Hayes said he received a call from Jalen’s phone while on his way to work that morning. A police officer was on the other line, and, gradually, Hayes learned of the tragedy that had unfolded.
Hayes told the jury he and King had first met as neighbors who lived a few doors away from each other in Lynnewood Gardens. Their children attended the same school, and they gradually became close, bonding over their shared profession in education. King was a teacher at Grover Cleveland Mastery Charter School in Tioga. Hayes is a director at the Learning Experience, an early-childhood center in Center City.
Hayes said he met Jean during a pause in his relationship with King. They initially spoke on a professional basis, he said, as he helped develop an education plan for her daughter at the school where he previously worked.
When Hayes moved to the Learning Experience, Jean followed him and enrolled her children there.
In time, the relationship grew intimate, and he and Jean began having sexual encounters in her vehicle, he said. They had an on-and-off relationship for 10 months, he said, but he ended the relationship in August 2022 after Jean moved against his wishes to Lynnewood Gardens.

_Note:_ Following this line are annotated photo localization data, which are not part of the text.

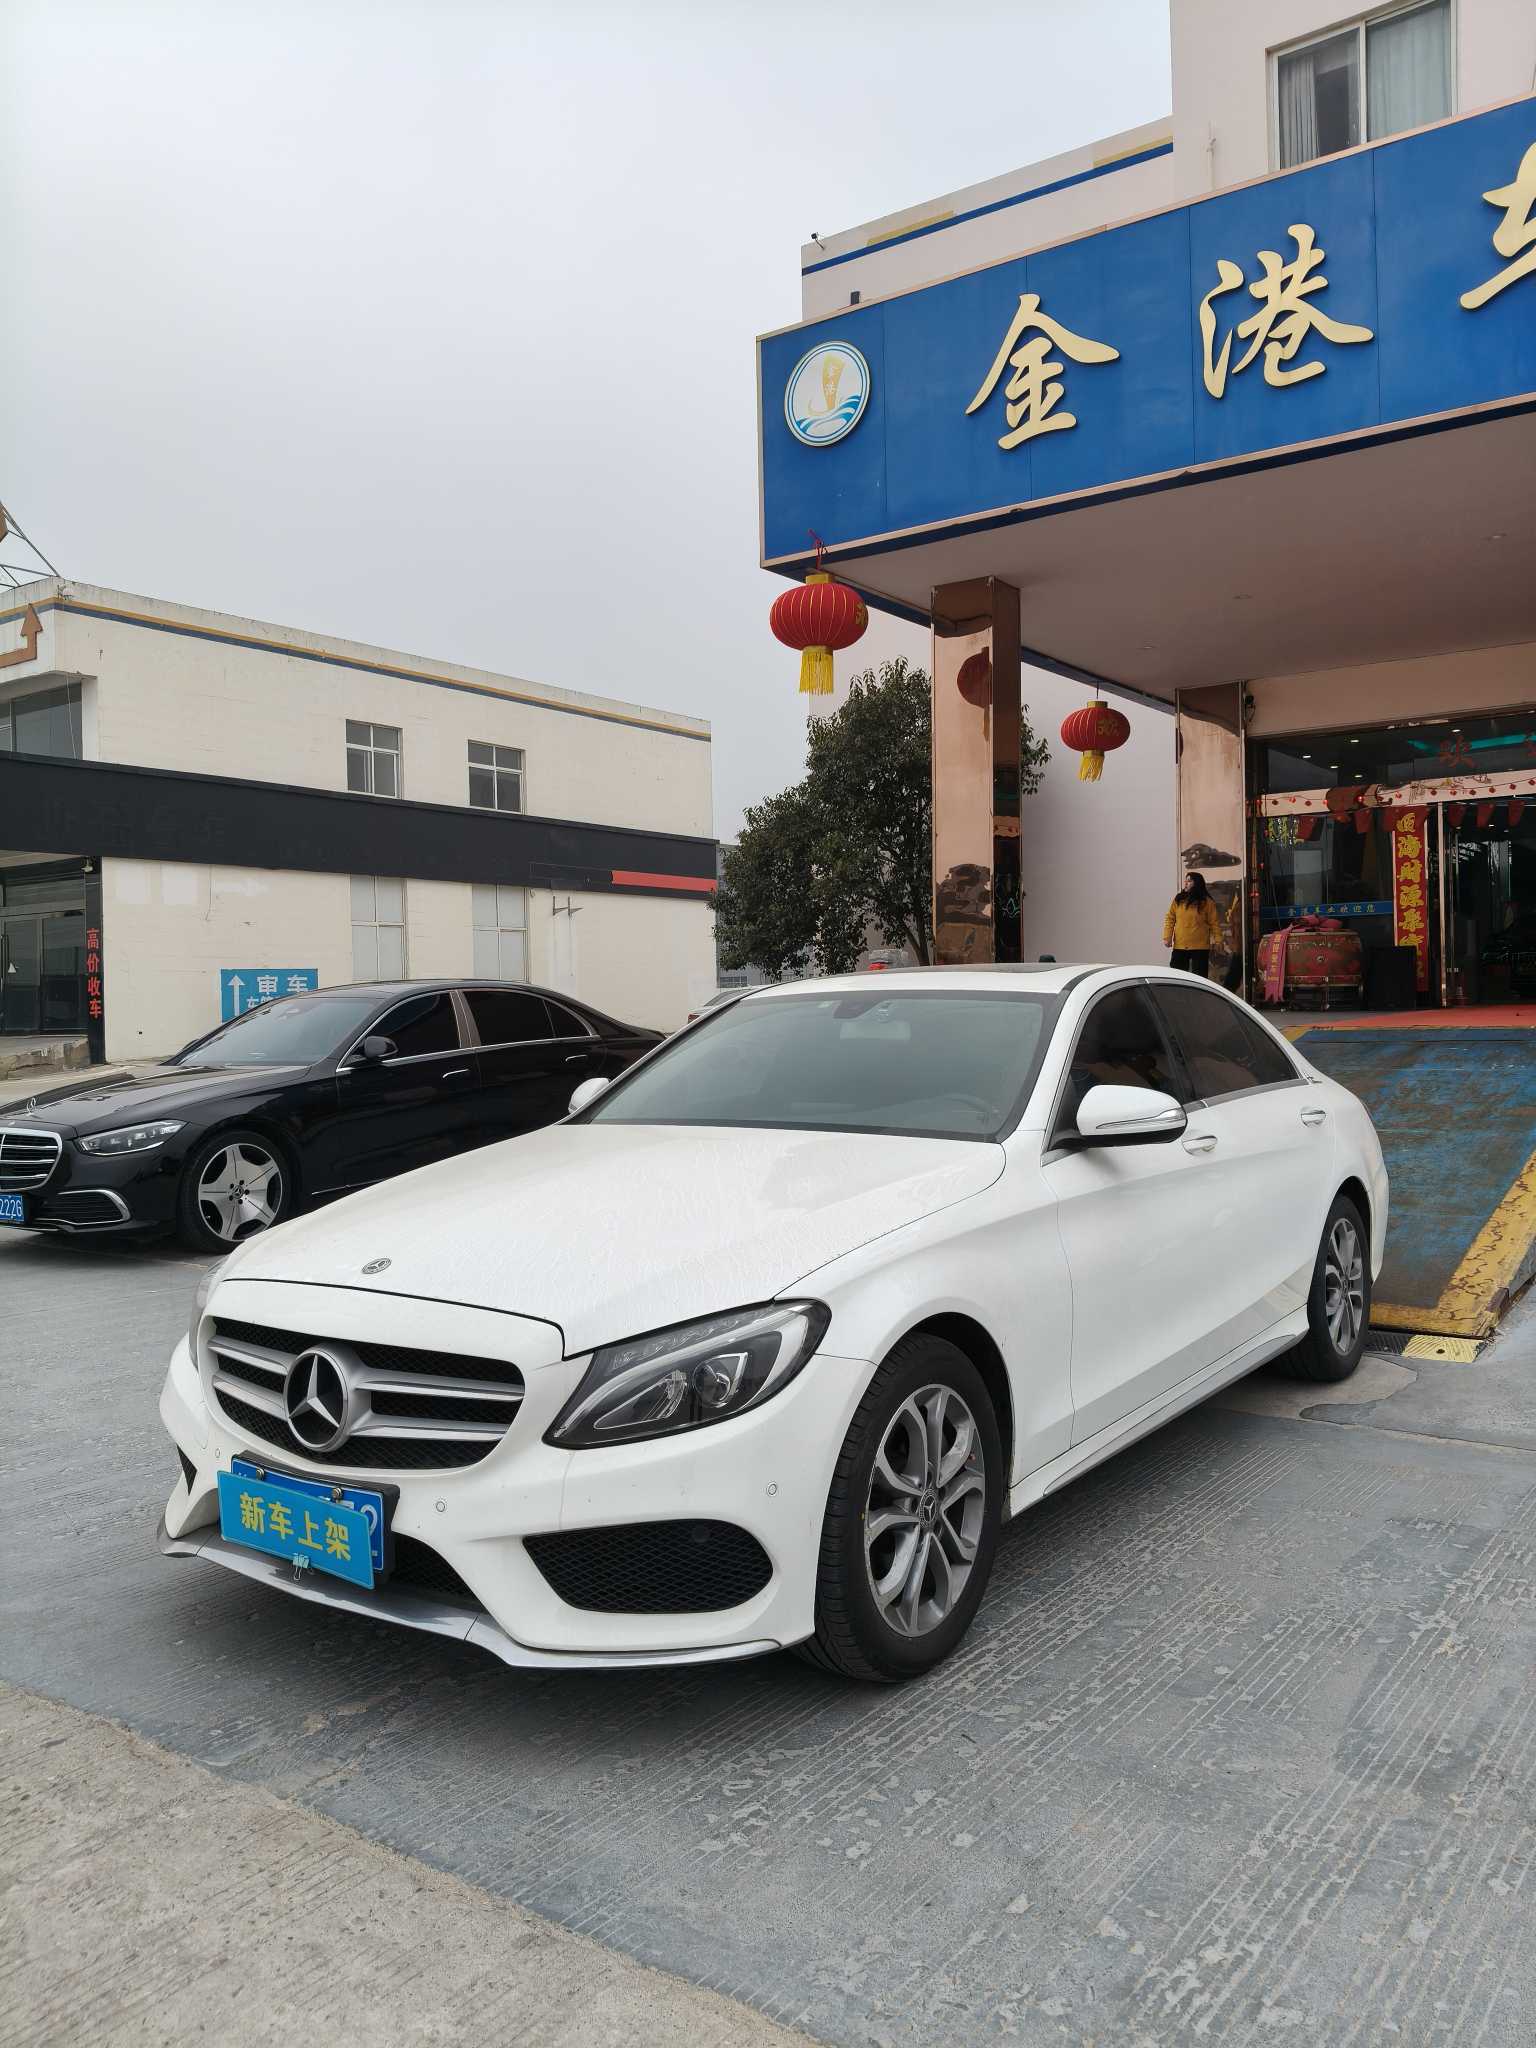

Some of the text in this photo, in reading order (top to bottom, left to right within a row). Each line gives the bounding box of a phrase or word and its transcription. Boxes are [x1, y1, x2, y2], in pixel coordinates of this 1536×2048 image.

[86, 927, 103, 1020] 高价收车
[256, 974, 309, 995] 审车
[239, 1491, 352, 1562] 新车上架
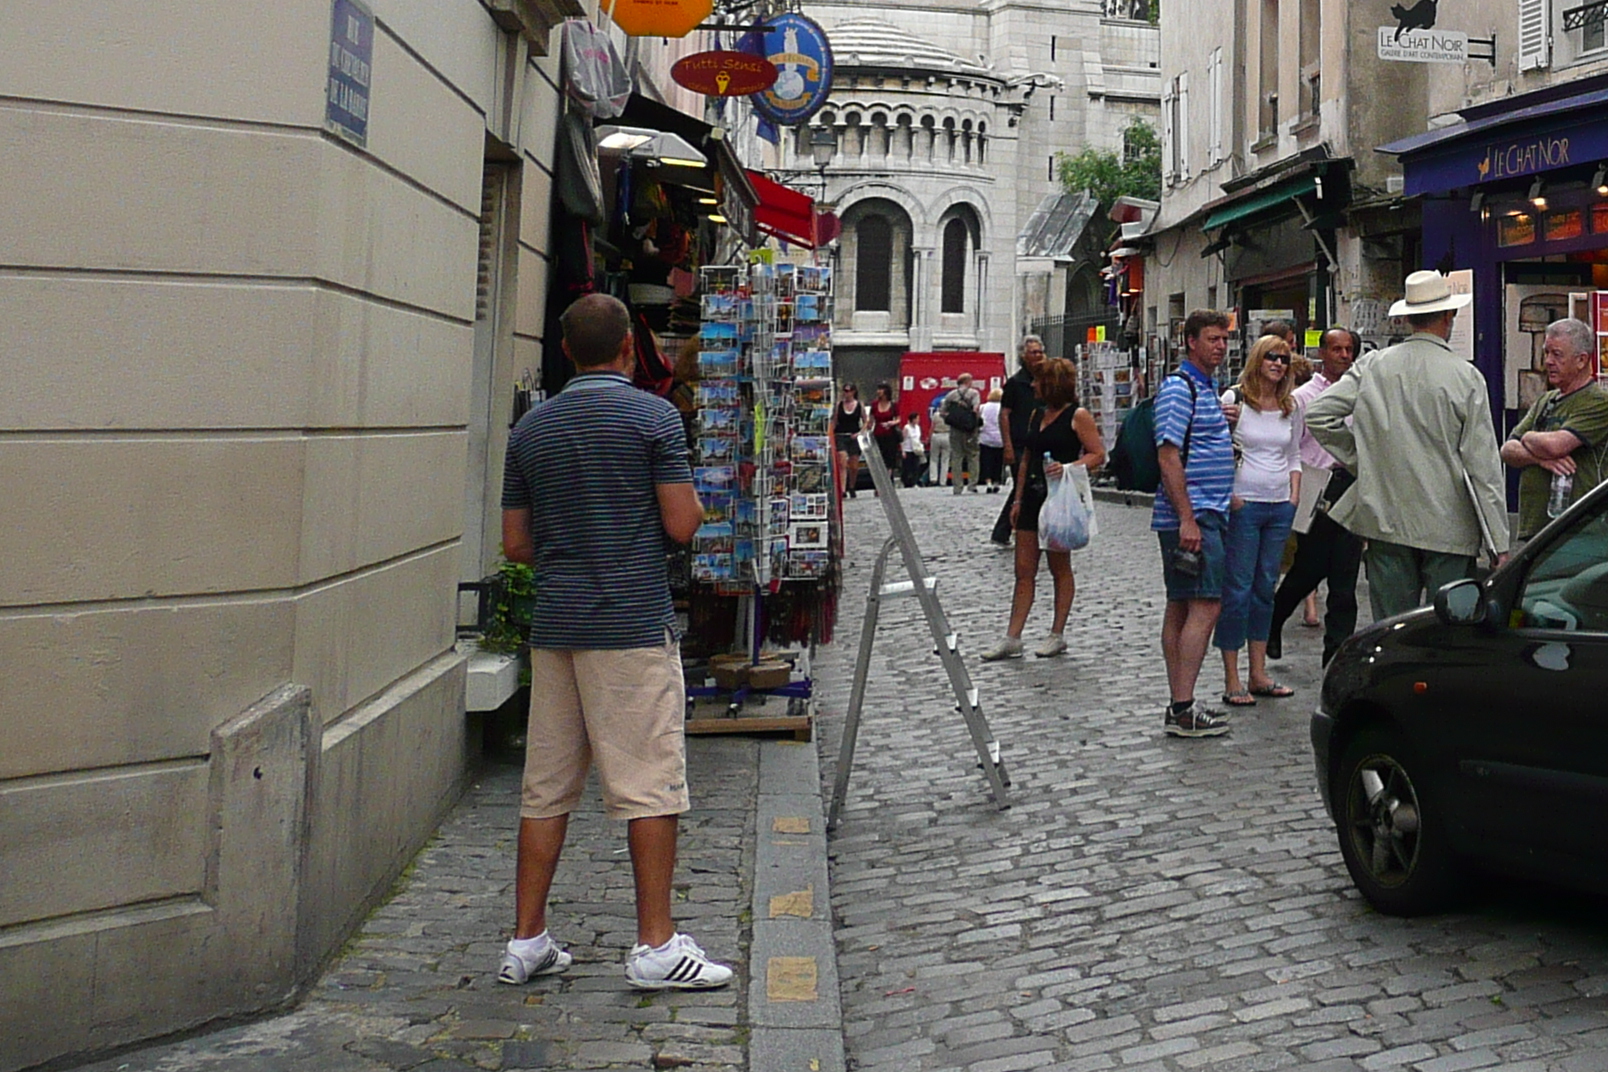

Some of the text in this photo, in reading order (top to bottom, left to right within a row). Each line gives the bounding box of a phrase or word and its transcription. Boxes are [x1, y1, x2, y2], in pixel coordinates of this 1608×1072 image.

[1380, 31, 1393, 48] LE
[1398, 33, 1430, 49] CHAT
[1494, 149, 1504, 178] LE
[1506, 145, 1537, 174] CHAT
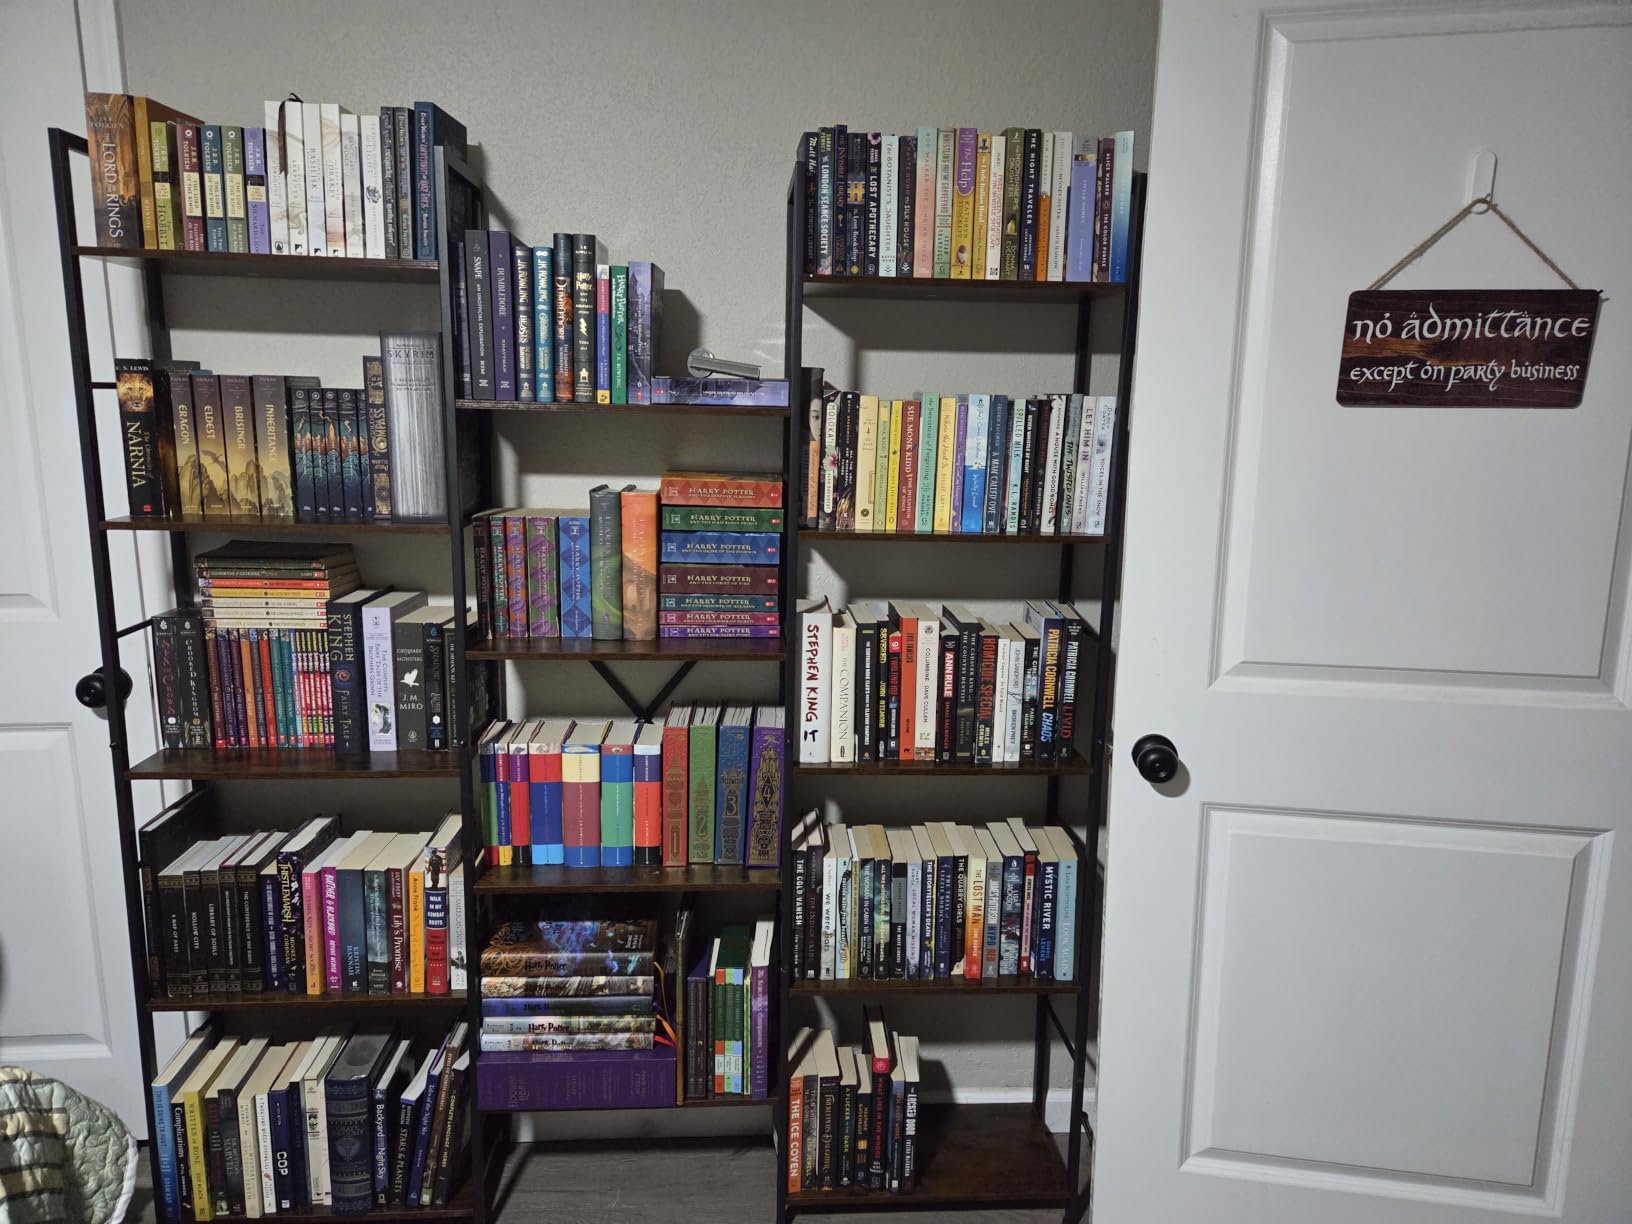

But Jean wouldn’t leave him alone, Hayes said and continued to call and text him, Hayes said, asking why he was “cutting her loose.” She would often walk to his apartment and knock on his window at night to get his attention.
“She didn’t understand when I was done,” Hayes said.
He told jurors he had obtained a protection-from-abuse order against Jean in December 2022, after she had begun harassing King and told her about the relationship with Hayes. But Hayes said Jean continued to contact him, and goaded him into one final meeting in which she tried to seduce him.
Jean’s lawyer, Shaka Johnson, cast doubt on Hayes’ version of events. He suggested that Hayes had helped Jean move into Lynnewood Gardens — she had used him as a reference on her application — and only pursued the protection-from-abuse order as part of his courtship with King. He didn’t truly feel unsafe, Johnson said.
“You decided to wield the court as a sword, and use it against Julie,” Johnson said.
Prosecutors have said that after the breakup with Hayes, Jean provided Alhakim with pictures of King, as well as directions to her apartment. And they said she gave him money to buy the gun that he used to kill her and the car that he drove to scene of the crime.